• _GIVEN DATA_
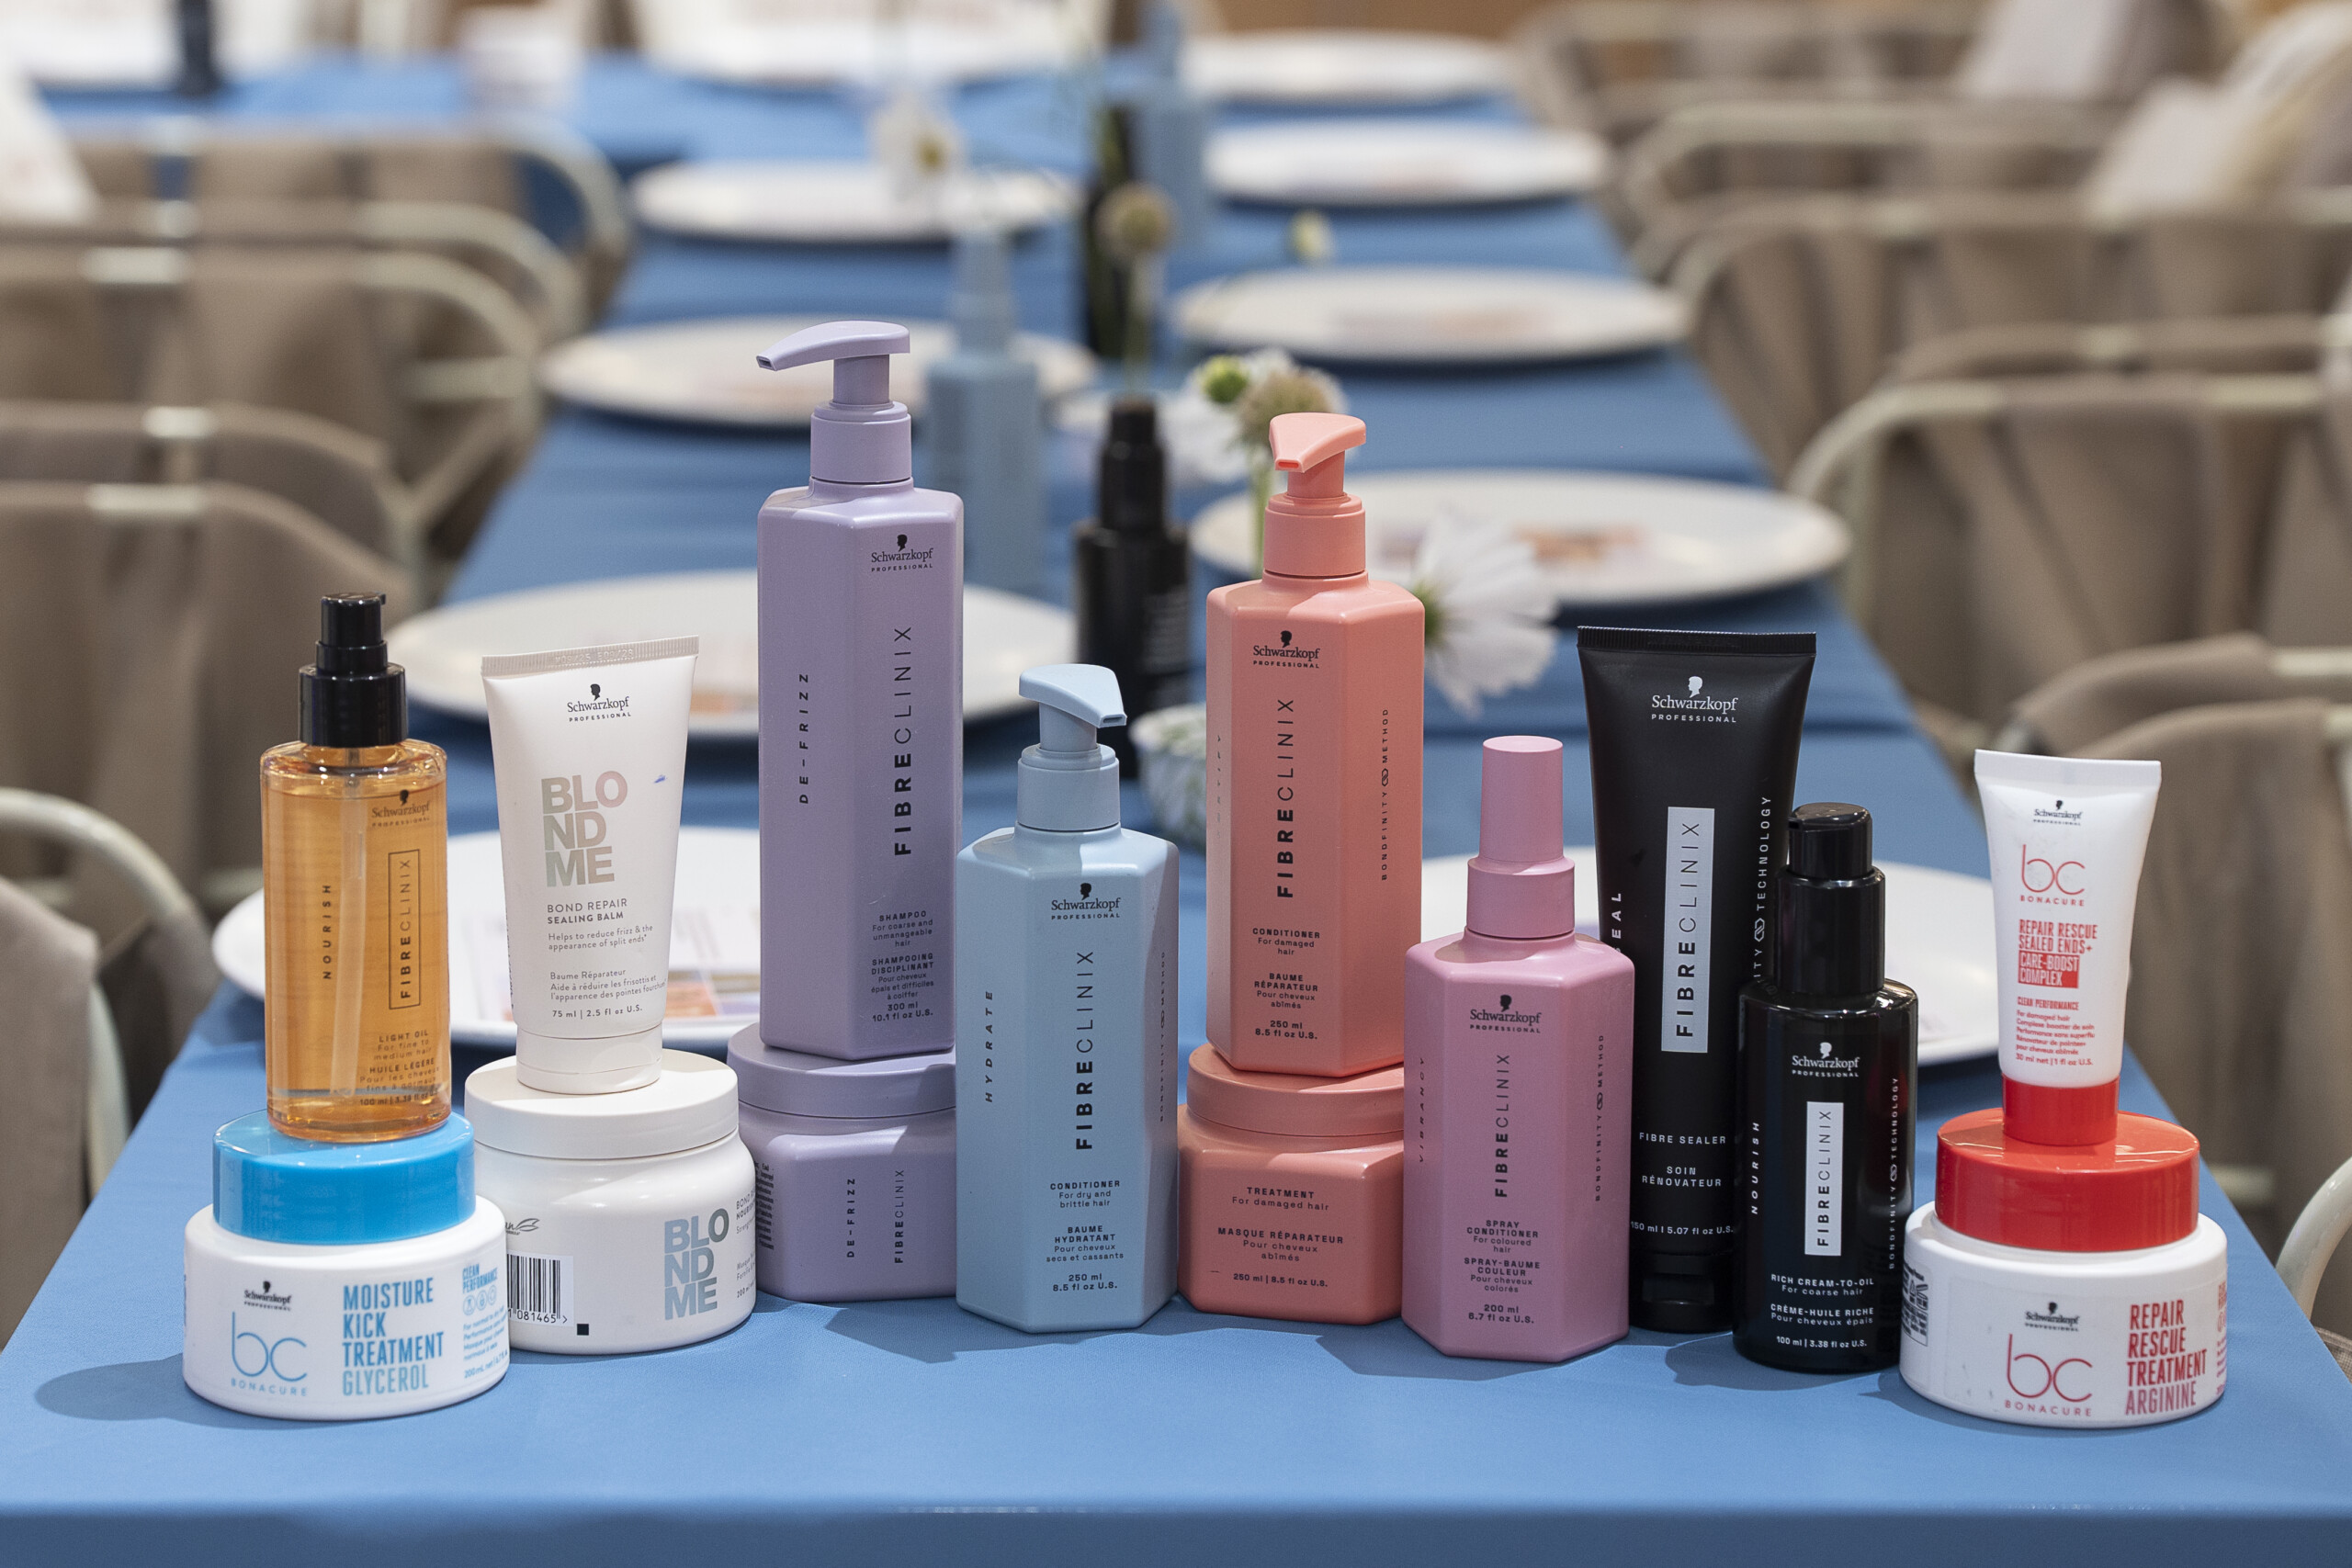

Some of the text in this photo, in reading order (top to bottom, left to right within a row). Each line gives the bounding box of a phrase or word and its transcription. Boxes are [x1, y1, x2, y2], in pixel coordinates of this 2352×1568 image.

[871, 547, 933, 563] Schwarzkopf
[871, 563, 933, 572] PROFESSIONAL
[1253, 645, 1320, 661] Schwarzkopf
[1253, 660, 1320, 669] PROFESSIONAL
[567, 695, 629, 713] Schwarzkopf
[1651, 694, 1739, 715] Schwarzkopf
[569, 712, 631, 722] PROFESSIONAL
[1651, 714, 1737, 724] PROFESSIONAL
[894, 626, 911, 856] FIBRECLINIX
[1277, 700, 1294, 898] FIBRECLINIX
[371, 801, 430, 818] Schwarzkopf
[1757, 796, 1771, 912] TECHNOLOGY
[546, 846, 615, 887] ME
[2021, 844, 2085, 895] bc
[547, 897, 628, 913] BOND REPAIR
[1051, 897, 1121, 912] Schwarzkopf
[2020, 895, 2085, 907] BONACURE
[548, 911, 624, 925] SEALING BALM
[879, 910, 927, 922] SHAMPOO
[918, 919, 933, 927] and
[322, 885, 331, 980] NOURISH
[400, 859, 412, 999] FIBRECLINIX
[548, 933, 573, 942] Helps
[587, 931, 615, 940] reduce
[616, 928, 633, 936] frizz
[642, 924, 653, 932] the
[873, 929, 933, 941] unmanageable
[1252, 928, 1320, 939] CONDITIONER
[1676, 823, 1700, 1037] FIBRECLINIX
[2019, 919, 2098, 939] REPAIR RESCUE
[548, 937, 627, 953] appearance of split
[1274, 939, 1315, 948] damaged
[2019, 934, 2053, 952] SEALED
[872, 953, 933, 965] SHAMPOOING
[550, 969, 626, 981] Baume Réparateur
[871, 962, 934, 975] DISCIPLINANT
[550, 977, 650, 991] Aide réduire les frisottis
[1269, 973, 1304, 982] BAUME
[2019, 967, 2063, 987] COMPLEX
[1254, 980, 1318, 992] RÉPARATEUR
[550, 987, 642, 1003] l'apparence des pointes
[1279, 992, 1316, 1001] cheveux
[586, 1009, 602, 1017] 2.5
[627, 1004, 643, 1014] U.S.
[888, 1003, 905, 1011] 300
[2035, 998, 2079, 1010] PERFORMANCE
[1270, 1021, 1288, 1029] 250
[1469, 1009, 1543, 1027] Schwarzkopf
[379, 1029, 428, 1043] LIGHT OIL
[1255, 1028, 1318, 1040] 8.5 U.S.
[1469, 1024, 1542, 1034] PROFESSIONAL
[985, 991, 993, 1103] HYDRATE
[1076, 952, 1093, 1150] FIBRECLINIX
[369, 1065, 400, 1075] HUILE
[1792, 1055, 1860, 1072] Schwarzkopf
[1792, 1069, 1859, 1077] PROFESSIONAL
[1495, 1055, 1510, 1198] FIBRECLINIX
[1639, 1133, 1725, 1145] FIBRE SEALER
[1667, 1166, 1696, 1176] SOIN
[1751, 1122, 1759, 1214] NOURISH
[1049, 1180, 1120, 1190] CONDITIONER
[1642, 1175, 1721, 1187] RÉNOVATEUR
[1816, 1111, 1832, 1247] FIBRECLINIX
[1077, 1191, 1091, 1200] dry
[1094, 1190, 1111, 1198] and
[1247, 1187, 1315, 1199] TREATMENT
[1060, 1201, 1090, 1209] brittle
[1232, 1196, 1329, 1211] For damaged hair
[895, 1170, 905, 1264] FIBRECLINIX
[1068, 1225, 1103, 1234] BAUME
[1486, 1220, 1520, 1229] SPRAY
[1667, 1226, 1689, 1235] 5.07
[1055, 1234, 1116, 1244] HYDRATANT
[1217, 1227, 1343, 1244] MASQUE RÉPARATEUR
[1466, 1227, 1539, 1238] CONDITIONER
[1242, 1239, 1318, 1253] Pour cheveux
[1491, 1237, 1532, 1247] coloured
[1082, 1252, 1124, 1260] cassants
[1464, 1258, 1542, 1269] SPRAY-BAUME
[1069, 1274, 1088, 1282] 250
[1233, 1273, 1250, 1281] 250
[1477, 1267, 1526, 1277] COULEUR
[1053, 1281, 1117, 1292] 8.5 U.S.
[1494, 1277, 1533, 1286] cheveux
[1771, 1274, 1874, 1289] RICH CREAM-TO-OIL
[244, 1290, 292, 1306] Schwarzkopf
[344, 1277, 434, 1311] MOISTURE
[664, 1277, 718, 1321] ME
[1802, 1288, 1863, 1296] coarse hair
[1484, 1304, 1504, 1313] 200
[1845, 1307, 1874, 1317] RICHE
[2130, 1299, 2185, 1330] REPAIR
[516, 1309, 557, 1325] 081465
[1514, 1315, 1535, 1325] U.S.
[1770, 1313, 1842, 1326] Pour cheveux
[344, 1312, 387, 1339] KICK
[232, 1312, 307, 1382] bc
[1777, 1336, 1828, 1348] 100 3.38
[2128, 1326, 2186, 1359] RESCUE
[342, 1331, 445, 1368] TREATMENT
[2007, 1334, 2092, 1402] bc
[2127, 1348, 2207, 1387] TREATMENT
[231, 1378, 307, 1396] BONACURE
[343, 1364, 430, 1396] GLYCEROL
[2125, 1381, 2197, 1416] ARGININE
[2005, 1399, 2092, 1416] BONACURE

• _PROBLEM REQUIREMENTS_
Go through the listing and copy each line that includes the string "FIBRECLINIX".

• _TASK RESPONSE_
[894, 626, 911, 856] FIBRECLINIX
[1277, 700, 1294, 898] FIBRECLINIX
[400, 859, 412, 999] FIBRECLINIX
[1676, 823, 1700, 1037] FIBRECLINIX
[1076, 952, 1093, 1150] FIBRECLINIX
[1495, 1055, 1510, 1198] FIBRECLINIX
[1816, 1111, 1832, 1247] FIBRECLINIX
[895, 1170, 905, 1264] FIBRECLINIX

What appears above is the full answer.